Abstract
Background
Recent investigations of local anesthetic distribution in the lower extremity have revealed that completely surrounding the sciatic nerve with local anesthetic provides the advantage of more rapid and complete anesthesia in the territory served by the nerve. We hypothesized that a pattern of distribution which entirely envelops the targeted nerve roots during interscalene block would provide similar benefits of more rapid anesthesia onset.
Methods
During interscalene block guided by ultrasound with nerve-stimulator confirmation, the pattern of local anesthetic distribution was recorded and later classified as complete or incomplete envelopment of the visible nerve elements in 50 patients undergoing ambulatory shoulder arthroscopic surgery. The pattern was then compared to the extent of block set-up at predetermined intervals, as well as to postoperative pain levels and block duration.
Results
22 patients (44%) had complete envelopment of the nerves in the plane of injection during ultrasound imaging of the interscalene block. There was no difference in the fraction of blocks that were fully set-up at 10 minutes with regards to complete or incomplete envelopment of the nerves by local anesthetic. All of the patients had complete set-up of the block by 20 minutes. In addition, the postoperative pain levels and duration of block did not vary among the two groups with complete versus incomplete local anesthetic distribution around the nerves.
Conclusion
The presence or absence of complete envelopment of the nerve elements in the interscalene groove by local anesthetic did not determine the likelihood of complete block effect at predetermined time intervals after the procedure.
Introduction
Interscalene brachial plexus block is increasingly used for pain control related to shoulder surgery, 1 and is facilitated by the use of ultrasound guidance.2 In general, ultrasound permits more rapid block performance, lower volumes of local anesthetic, higher success rates and even improved duration.3 However, the exact site of optimal placement of local anesthetic in the interscalene region is not clearly defined.4
Recent investigations of local anesthetic distribution in the lower extremity have revealed that completely surrounding the sciatic nerve with local anesthetic provides the advantage of more rapid and complete anesthesia in the territory served by the nerve.5 However, the anatomic conformation of nerve elements and surrounding fascial planes is distinctive in the interscalene region, as compared to other sites of peripheral nerve blockade. We evaluated the spread of local anesthetic solution as evident on ultrasound imaging during interscalene block and hypothesized that a pattern of distribution which entirely envelops the targeted nerve roots at interscalene levels would provide similar benefits of more rapid anesthesia set-up.
Methods
This study was approved by the University of Pittsburgh Institutional Review Board. Patients undergoing Interscalene Block (ISB) for ambulatory shoulder surgery with ultrasound and nerve stimulator guidance were enrolled after informed consent was obtained. Included were ASA physical status 1-3 status patients undergoing shoulder surgery, who were eligible for an ISB. Exclusion criteria consisted of pregnant patients, ASA physical status 4 or 5, any neuropathic processes or nerve injury involving the upper extremities, allergy to amide local anesthetics, active infection at the site of the block, inability to turn head to facilitate block placement, or any other contraindication to ISB. The patients were evaluated preoperatively, including a neurologic examination of the extremity to be blocked.

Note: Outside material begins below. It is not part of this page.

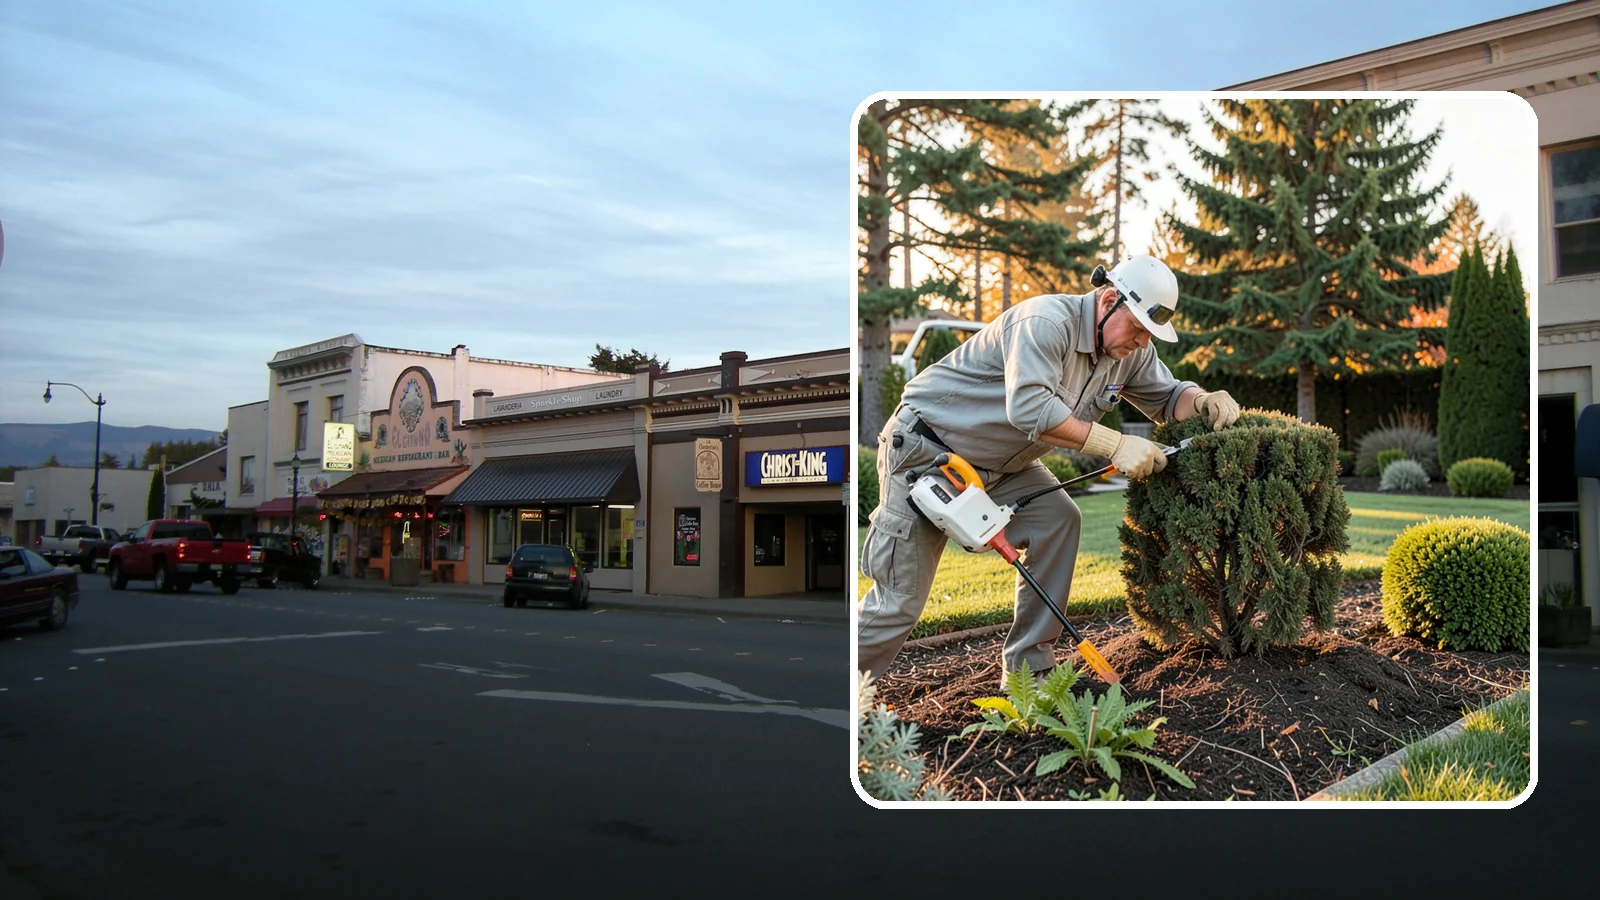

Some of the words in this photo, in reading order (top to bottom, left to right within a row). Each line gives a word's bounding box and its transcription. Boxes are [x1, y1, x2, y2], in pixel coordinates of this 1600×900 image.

Population variables collected included age, side of surgery, type of surgery, gender, height and weight. The primary outcome measure was the fraction of ISB that were completely set-up at 10 minutes. The secondary outcome measures were block failure rate (need for supplemental placement of local anesthetic at the interscalene or other site, or a conversion to a general anesthetic), immediate post operative pain scores, and block duration. Patients underwent an ultrasound-guided ISB after monitors were placed, and oxygen and sedation were administered. Sedation was achieved through a peripheral intravenous line and consisted of 1-2 mg midazolam and 50 mcg fentanyl. The interscalene area was identified and prepared with chlorhexidine and alcohol. With the transducer held in a coronal-oblique position, the brachial plexus was imaged at the supraclavicular level and then followed cephalad until 2 or 3 nerve fascicles were evident in the space between the scalene muscles. At this level, 1 ml of 1% lidocaine was injected in the skin lateral to the probe, and a 5 cm, 22- gauge stimulating needle ( B Braun, Bethlehem, PA) was inserted with in-plane ultrasound guidance (S-Nerve, Sonosite, Bothell, WA). The needle was connected to a Stimuplex nerve stimulator (B Braun), which was set at 2 Hz, with 0.5 milliamperes of current, and a pulse duration of 0.1 msec. The needle was advanced toward the visible nerve fascicles which were typically those of the C5 and C6 nerve roots. As the tip of the needle passed through the scalene fascia, the nerve stimulator was turned on. The needle advancement was stopped when any brachial plexus motor stimulation was achieved, or the tip was clearly visualized to lie in the groove, adjacent to, or between the visible fascicles. The stimulator current was reduced to determine the threshold of stimulation and then was shut off. If no twitch was produced with the needle in this position, the current was increased until a motor response was achieved. The needle tip was not moved during this process. A solution of 20 ml of ropivacaine 7.5 mg/ml was injected at an approximate rate of 5ml per 15 seconds with aspiration every 5ml to monitor for intravascular injection.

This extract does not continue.